Т а т и ш в и л и (с горечью, насмешливо). Дорогой, ты ведешь себя так, будто представляешь какую-то силу!
В е р е ж н и к о в. Знаешь, ты не ошибся. И очень большую! Родину, Арчил.
Т а т и ш в и л и. Ты что говоришь?!
В е р е ж н и к о в. Клянусь, это правда.
Т а т и ш в и л и (жгуче, с надеждой всматривается в лицо Вережникова). Я — твой брат навек! (Уходит.)
В е р е ж н и к о в (один, с улыбкой). Стало быть, и я теперь князь?.. (Наклонился, поднял камешек.) Камешек за камешком… Сдавленное в горле слово, ужас, надежда… Ты прав был, Воронин, комиссар. Если бы ты не послал, надо было бы догадаться и пойти! Когда я вернусь домой, я скажу про тебя… А если не поверят?! Чаще всего не верят те, кто сами лгут… Где же начинается ложь?
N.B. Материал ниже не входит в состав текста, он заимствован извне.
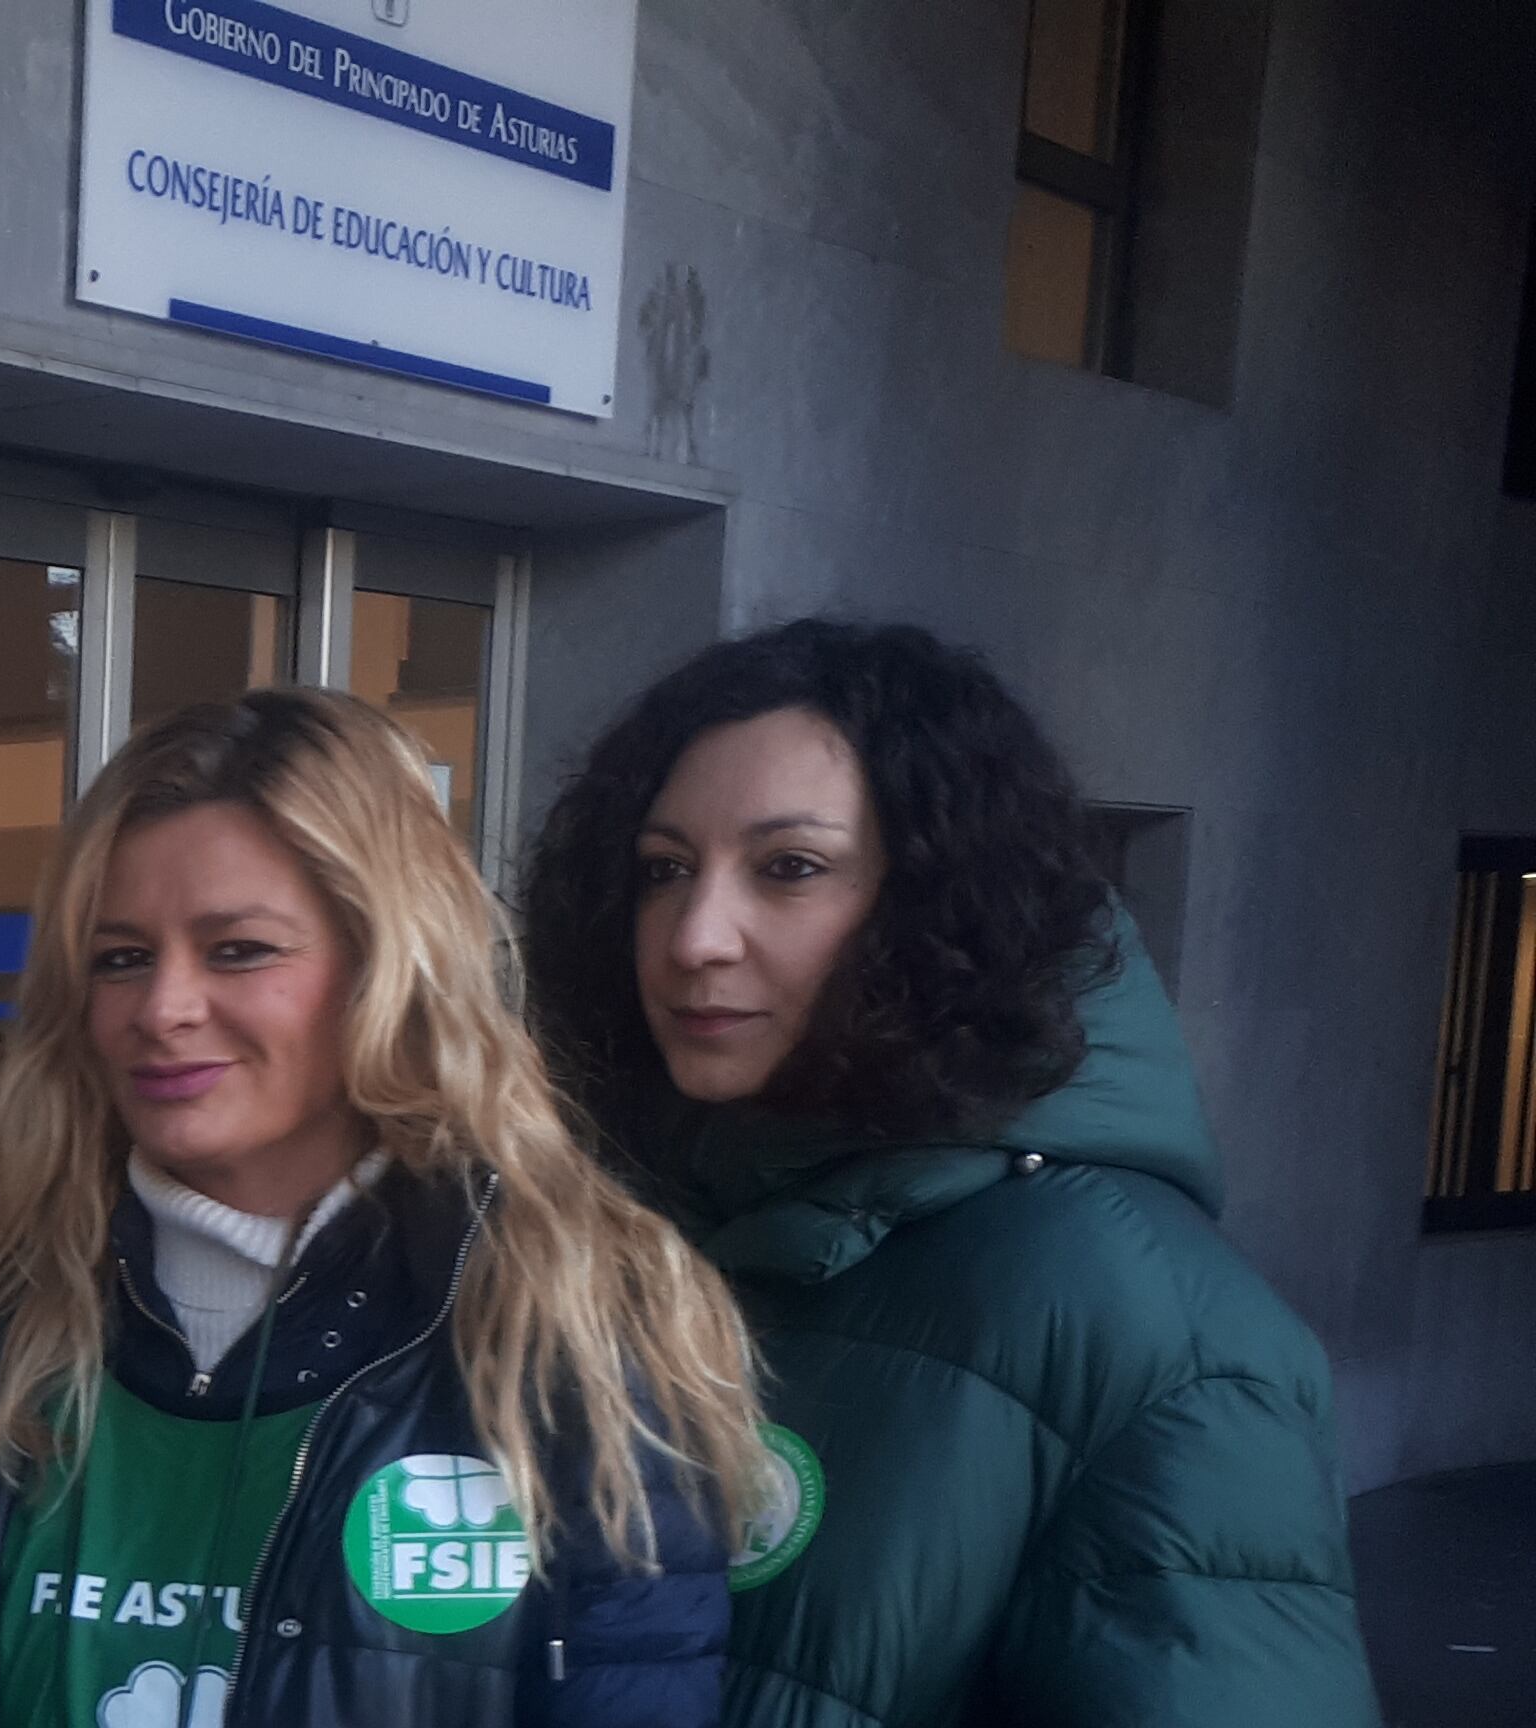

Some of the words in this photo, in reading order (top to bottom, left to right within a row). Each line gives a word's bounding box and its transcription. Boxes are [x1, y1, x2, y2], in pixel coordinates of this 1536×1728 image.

[288, 40, 324, 80] DEL
[333, 48, 450, 123] PRINCIPADO
[458, 101, 482, 133] DE
[489, 103, 578, 165] ASTURIAS
[127, 149, 285, 231] CONSEJERÍA
[293, 197, 325, 240] DE
[333, 207, 472, 280] EDUCACIÓN
[477, 247, 492, 285] Y
[496, 253, 592, 311] CULTURA
[391, 1541, 531, 1590] FSIE
Появляется м а т ь Вережникова.
М а т ь. Там, где страх.
В е р е ж н и к о в. Мама!
М а т ь. Ты в какой-то странной форме… Ты, Коля, был в партизанах?
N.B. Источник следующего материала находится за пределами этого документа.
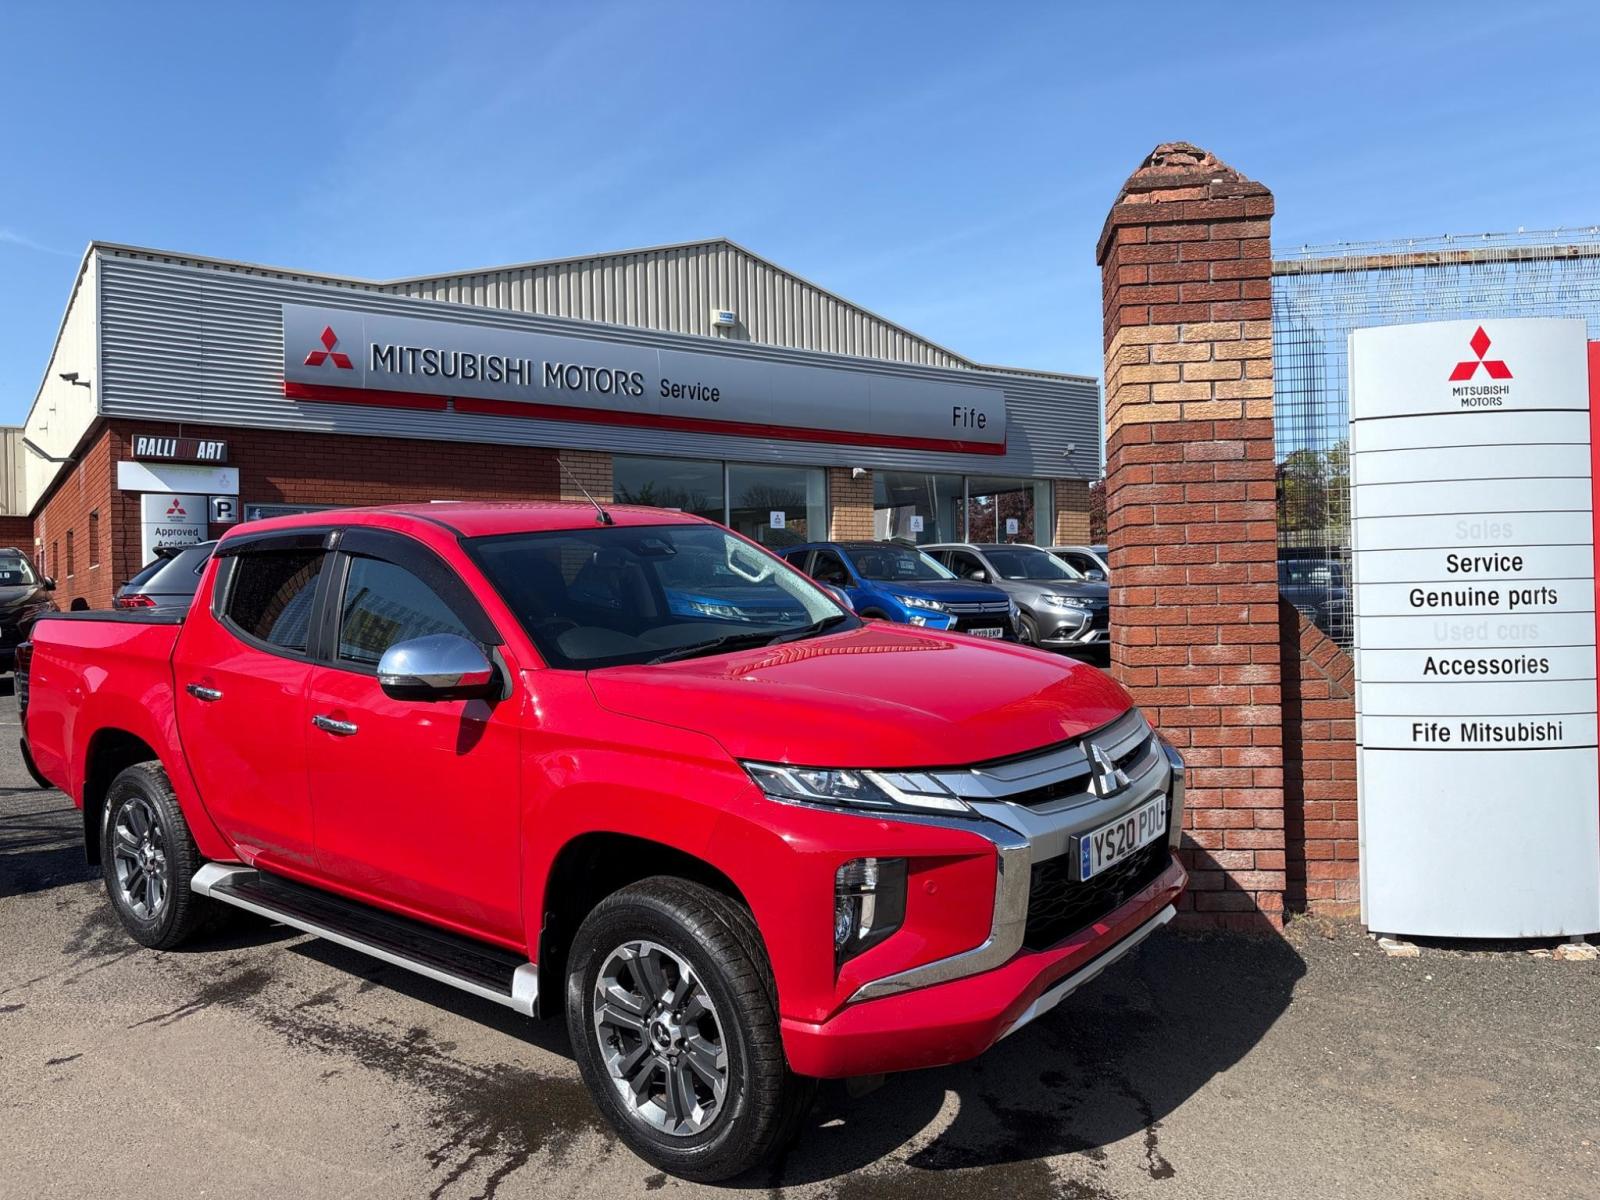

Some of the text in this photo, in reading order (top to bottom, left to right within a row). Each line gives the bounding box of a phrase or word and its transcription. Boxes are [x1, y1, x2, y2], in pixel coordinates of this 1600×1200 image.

В е р е ж н и к о в. Что-то в этом роде.
М а т ь. Почему ты опустил глаза? Ты был в плену?!
В е р е ж н и к о в. Я — на дне войны, на самом дне.
М а т ь. Где?
В е р е ж н и к о в. Но меня послали, мама.
М а т ь. Конечно! Иначе как же ты мог бы оказаться на дне? Можешь не рассказывать, если не хочешь.
Появляется М а л и н о в ы й п а р е н ь.
М а л и н о в ы й п а р е н ь. Воспитали сыночка! Знаете, кто теперь на его месте? Я.
В е р е ж н и к о в. Один ли ты?
М а л и н о в ы й п а р е н ь. Конечно, и еще ребята.
В е р е ж н и к о в. Вот ребята тебя и прогонят.
М а л и н о в ы й п а р е н ь. Дудочки. Это ты всего два месяца ходил в секретарях. А меня и повыше передвинут. Расту.
В е р е ж н и к о в. Мама, главное, что я хочу тебе сказать… Мне могут не поверить. Но ты… даже если ты услышишь обо мне самое страшное…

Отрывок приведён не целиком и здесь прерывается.